Paul Andersen: Survival of the fattest in U.S.
June 11, 2002
I am not fat. I have never been fat. If anything, people consider me thin … skinny even. That’s why I am upset about a recent news story that shows how out of step I am with the current trend in human evolution.
According to a recent analysis, “technology has helped make Americans fatter by making their work less active and by providing cheaper food.” Since technology is popularly equated with human evolution, the more evolved people are on the planet, the fatter they are.
Survival of the fattest was never part of Darwin’s theory, but it rules today in a swelling population of broadening Americans. A year or so ago, the U.S. Board of Standards increased the average width of a seat on public transportation in the United States as an acknowledgment to the spreading of the average American rear end.
As the fat study points out, people have been fattening up for 300 years due to technological advances that save them physical labor and the need for active lives. The study reveals that if you lived 150 years ago, you would weigh 25-30 pounds less than you do today.

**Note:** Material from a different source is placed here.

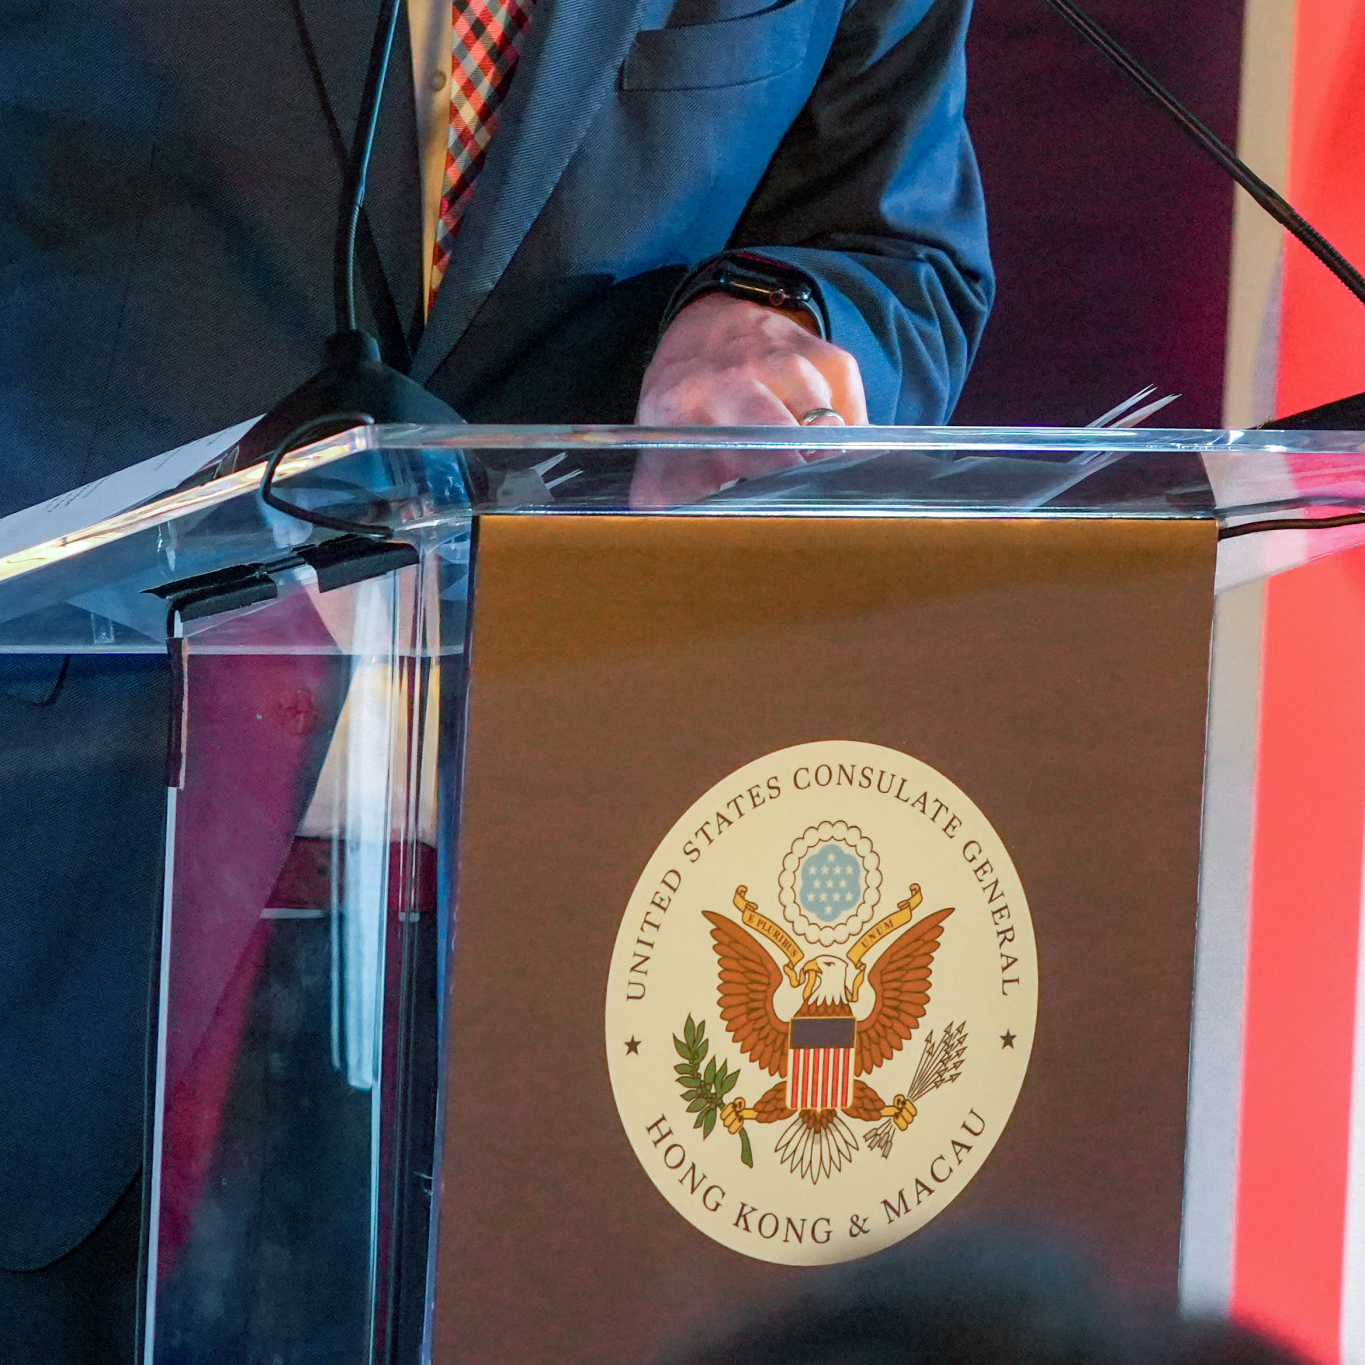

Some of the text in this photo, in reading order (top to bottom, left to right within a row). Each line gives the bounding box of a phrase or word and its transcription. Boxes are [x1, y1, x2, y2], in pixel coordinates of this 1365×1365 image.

[626, 763, 1021, 1002] UNITED STATES CONSULATE GENERAL
[747, 914, 895, 958] E PLURIBUS UNUM
[644, 1107, 987, 1245] HONG KONG & MACAU

In 1852 I would have weighed about 125 pounds, which is barely a table scrap in today’s junk-food, high-cholesterol, saturated-fat, all-you-can-eat buffet culture. If the same proportion of weight gain holds true for the next 150 years, think of the enormity of the average American.
The fat study points out that today 60 percent of Americans are overweight and 25 percent are obese. Even though this advancing population of double-wide Americans is at greater risk from diabetes, heart disease and cancer, the corpulent among us live enviable lives.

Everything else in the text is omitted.